Remember to bind SampleWorkerFactory to WorkerFactory as well.

One final important step, register SampleWorkerFactory to WorkManager one to our Application and one in AndroidManifest.xml

We then hit the run button…

D/HelloWorldWorker: Hello world!
D/HelloWorldWorker: Injected foo: com.sample.daggerworkmanagersample.Foo@215b58d0
I/WM-WorkerWrapper: Worker result SUCCESS for Work [ id=c1628749-ed19-4b11-b027-95031d3b3bae, tags={ com.sample.daggerworkmanagersample.HelloWorldWorker } ]

It works! but...

The problem is not stopping there. Despise the double factory pattern work really well, the worst part is we have to implement every single ChildWorkerFactory manually, this example only has 1 dependence (Foo) imagine we have 10 dependence for each Worker and our Application have a total of 10 Worker? Technically we can still do that, but you know how it goes, this cannot end up well for us.

​This is where AssistedInject comes to play. A library by Square that compatible with Dagger 2. It has 2 jobs

  • Generates all of the ChildWorkerFactory implementations
  • Bind those implementations to the dependence graph via a module (more detail later)

So it generates 2 thing factories and a module that includes all the implementation bindings

​Setup our existing code base with AssistedInject is simple. Annotate Worker class with @AssistedInject. Any parameters that we want to create with the generated factory, annotate it with @Assisted. And for the factory (original was class that now become interface), annotate it with @AssistedInject.Factory. Our Worker classes now look a lot of cleaners and the most fun part is we now don't have to write these boilerplate factory codes anymore.

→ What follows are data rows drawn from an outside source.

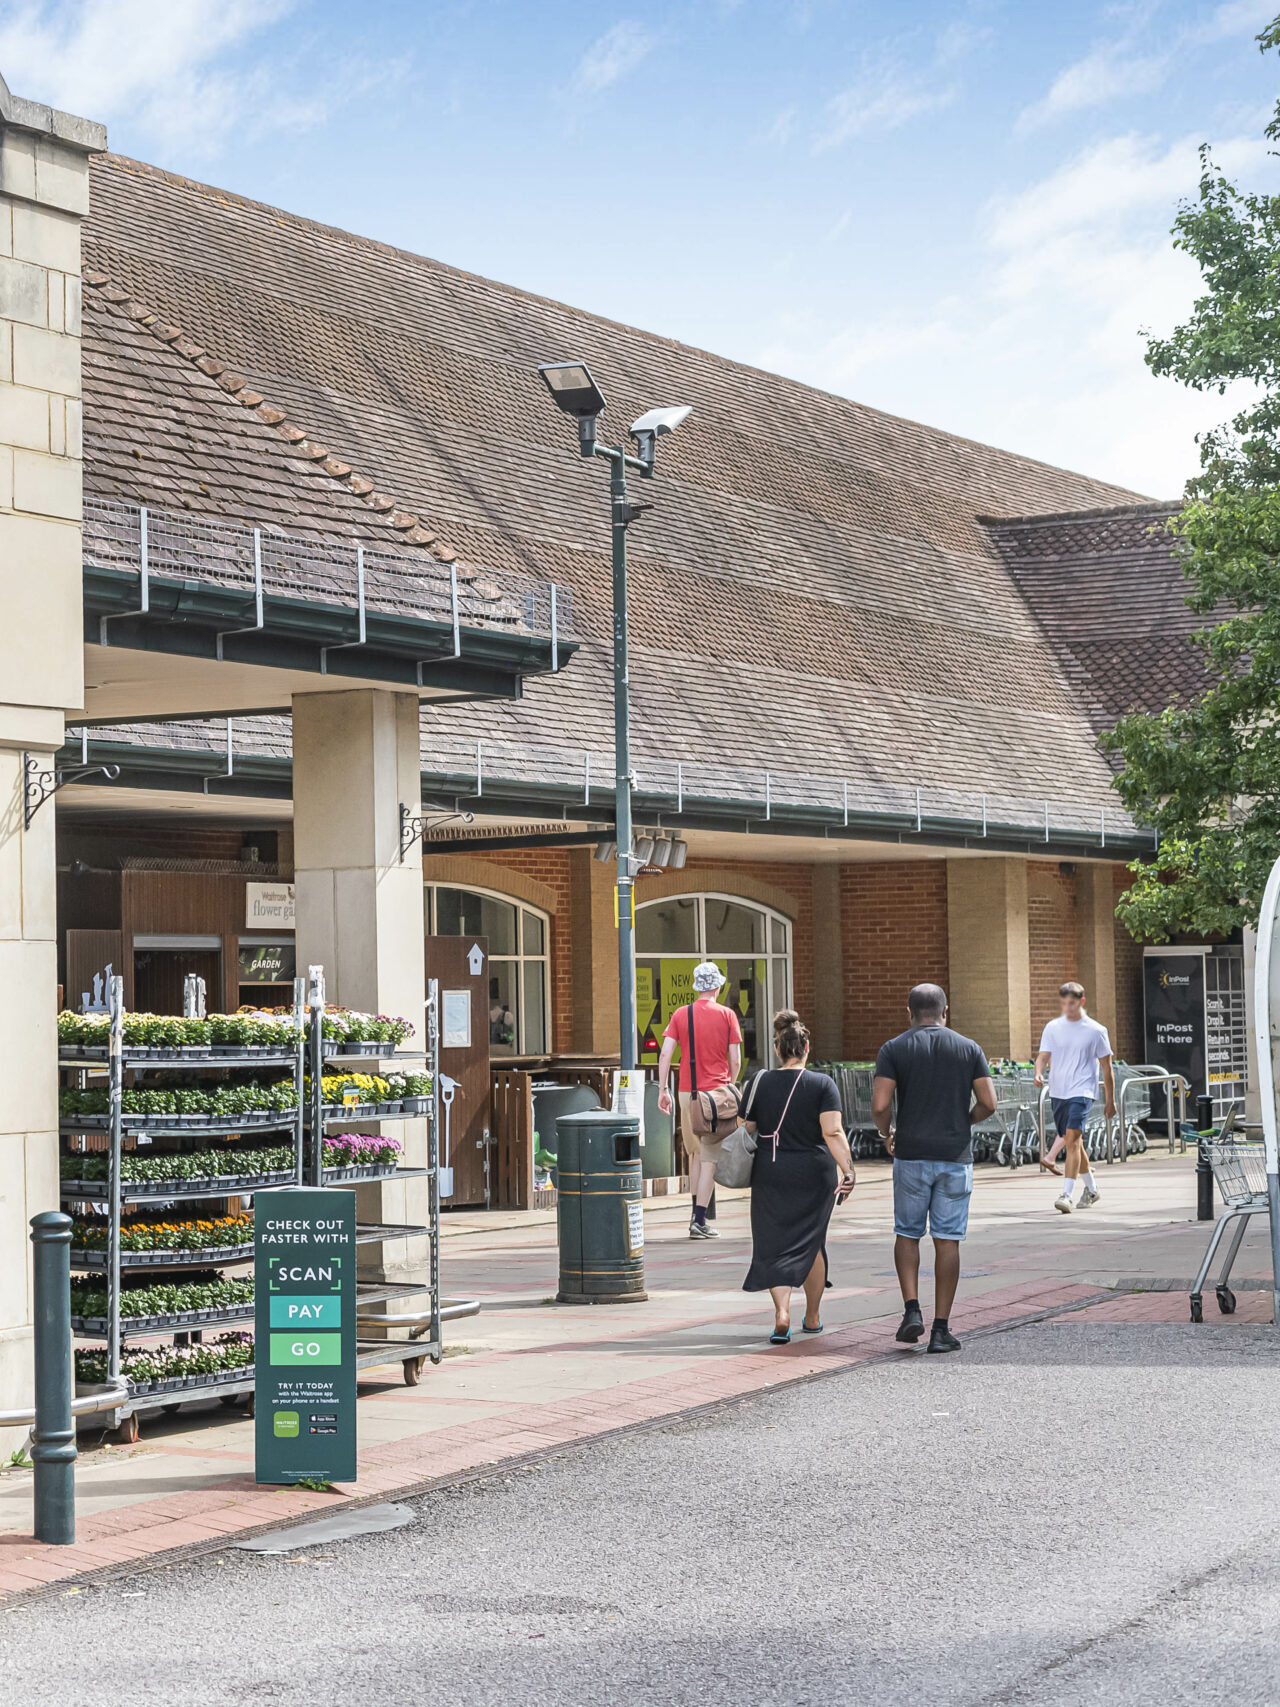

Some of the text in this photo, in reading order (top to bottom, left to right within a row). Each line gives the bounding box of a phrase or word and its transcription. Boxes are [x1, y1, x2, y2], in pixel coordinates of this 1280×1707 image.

[253, 900, 296, 921] flower ga
[252, 959, 281, 969] GARDEN
[671, 974, 691, 988] NEW
[667, 992, 695, 1006] LOWER
[1156, 1023, 1193, 1032] InPost
[1157, 1034, 1193, 1044] it here
[266, 1220, 344, 1230] CHECK OUT
[261, 1233, 349, 1244] FASTER WITH
[278, 1266, 332, 1281] SCAN
[288, 1304, 324, 1319] PAY
[291, 1342, 321, 1357] GO

​Since AssistedInject binds those factories inside a module. Declare a module that includes the generated module, annotate it with @AssistedModule, add it to our Component. This makes all of the ChildWorkerFactory implementations available in our component dependence graph.

We hit the fun button again and all is working as expected.

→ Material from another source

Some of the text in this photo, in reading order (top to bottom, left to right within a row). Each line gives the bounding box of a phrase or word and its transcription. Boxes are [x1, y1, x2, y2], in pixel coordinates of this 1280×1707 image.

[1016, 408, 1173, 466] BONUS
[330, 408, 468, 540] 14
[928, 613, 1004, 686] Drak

Understand the generated code

It’s always the good thing when we can understand what is going under the hood, not just rely on “magic”, so let dive into the generated source code.

First off, the generated implementation of HelloWorldWorker.Factory, look almost the same as our original code. Next, the generated module (a.k.a AssistedInject_SampleAssistedInjectModule) AssistedInject simply binds HelloWorldWorker_AssistedFactory to HelloWorldWorker.Factory.


We when from:

  • Cannot control how Worker instance is instanced
    => register a custom WorkerFactory to WorkerManager
  • Cannot perform constructor injection on Worker class
    => use factory pattern
  • Do not want to implement those factories manually
    => use AssistedInject

The end result: we can perform a constructor injection in a Worker class, the injection code is generated by AsssistedInject instead of Dagger, the process is automated. The most important part we have followed a core principle of dependency injection:

a class shouldn’t know anything about how it is injected.

Source code

Alternative setups

Previously, there is a lot of discussions when this problem rises up. To summary, there are 2 possible solutions for this. They are all working as expected, you can’t even tell the performance difference. One of them even has a clear advantage over this setup. So it’s worth to mention them, leaving the desition to you.

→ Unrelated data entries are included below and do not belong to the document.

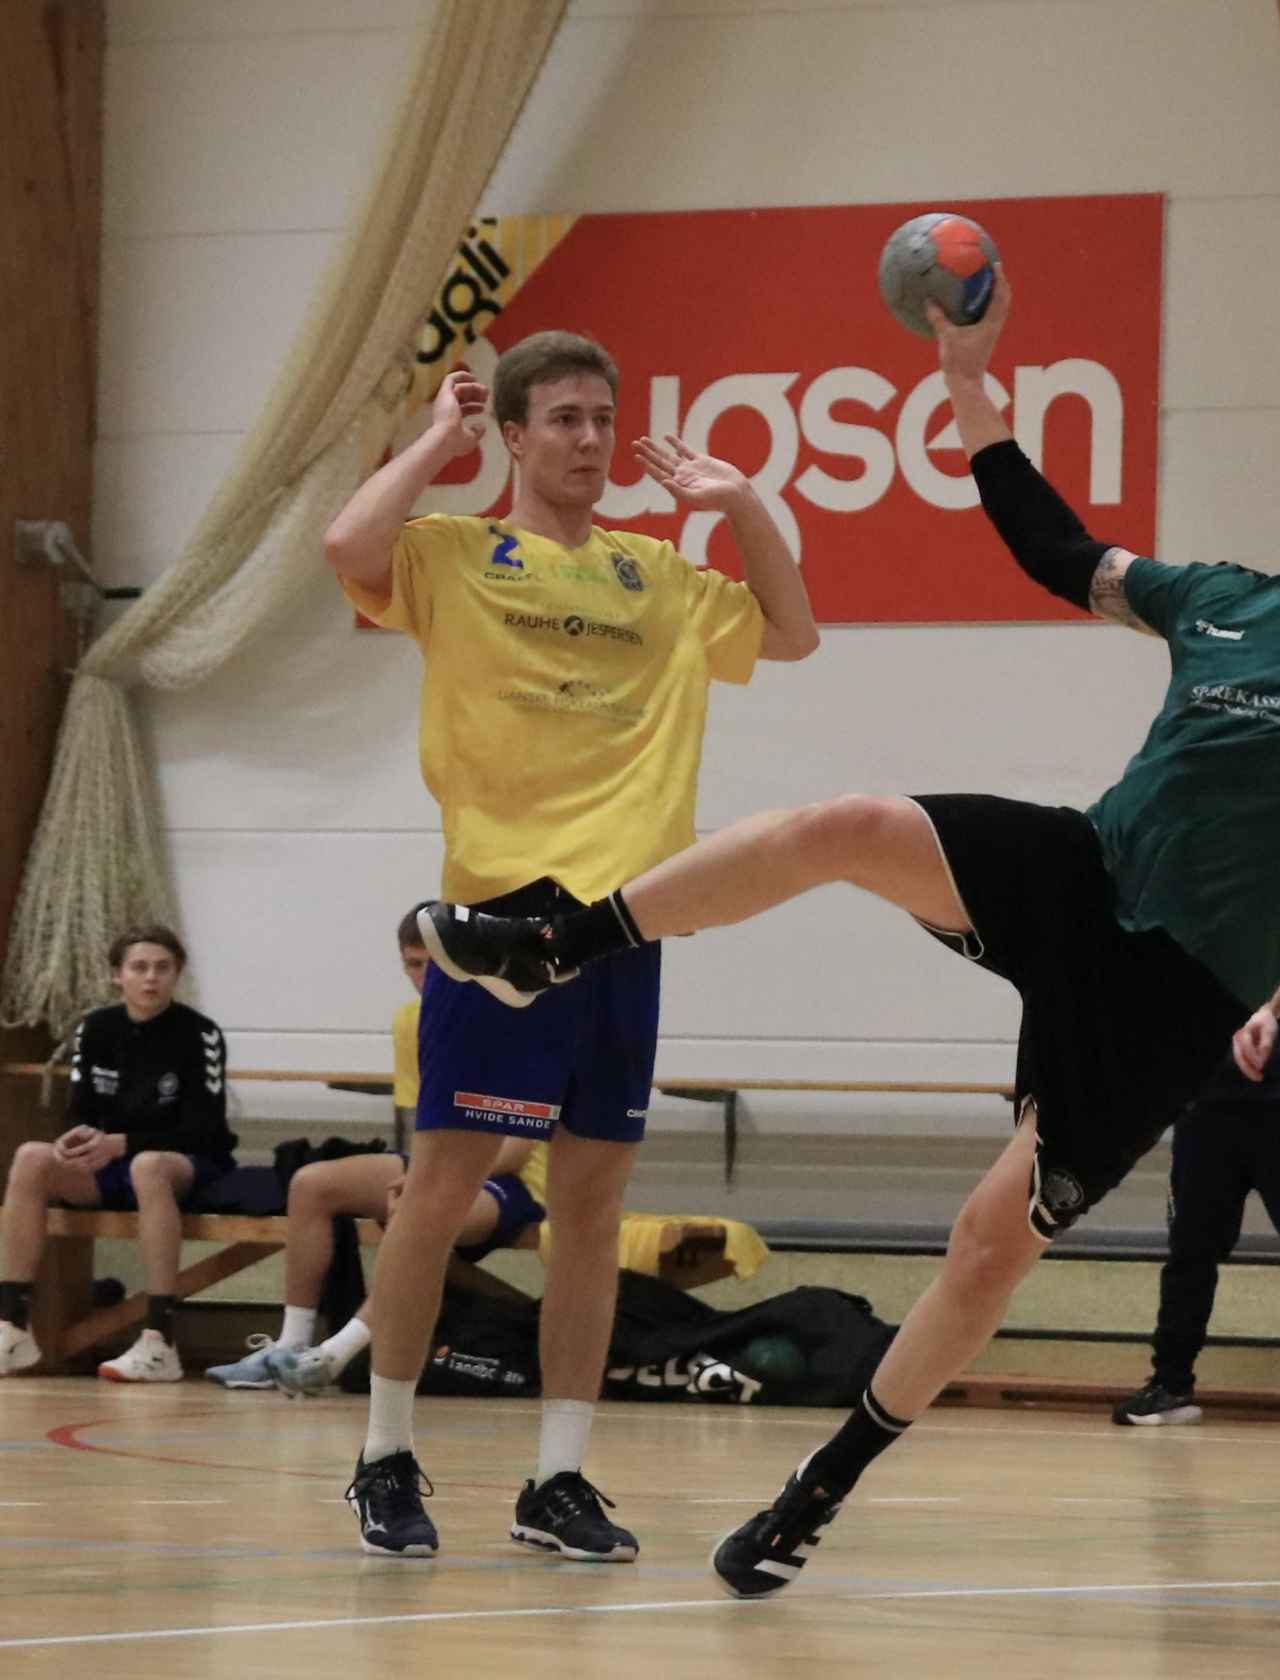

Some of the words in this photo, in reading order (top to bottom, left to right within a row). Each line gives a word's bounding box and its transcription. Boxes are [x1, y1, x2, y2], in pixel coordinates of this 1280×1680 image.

[489, 525, 524, 569] 2
[504, 613, 560, 631] RAUHE
[586, 622, 644, 646] JESPERSEN
[480, 1099, 525, 1113] SPAR
[464, 1110, 504, 1123] HVIDE
[508, 1116, 551, 1130] SANDE

As mention, appContext and params instance are only available at run time, just like Activity, Fragment and Fragment’s argument. Because of that, we can the same approach with Activity, Fragment etc. Read more about that here. Credit to arunkumar9t2

Advantage: no third library invoke (AssistedInject)

Member injection

Probably the easiest setup, since it invokes only an injection method declaration inside our Component and a base worker class that perform seeking component and inject. No AssistedInject, no dagger-android, no multi-binding, no ChildWorkerFactory, no WorkerFactory. Littery everything, just a method, and a base class and you are good to go.

Advantage: super easy to set up, work best for new developers.

So what is my setup’s advantage? why do we need to spend such an effort on this huge setup? The answer, my friend, is TESTING. Since everything is injected through the constructor, we can easily mock our dependence to test the Worker implementation.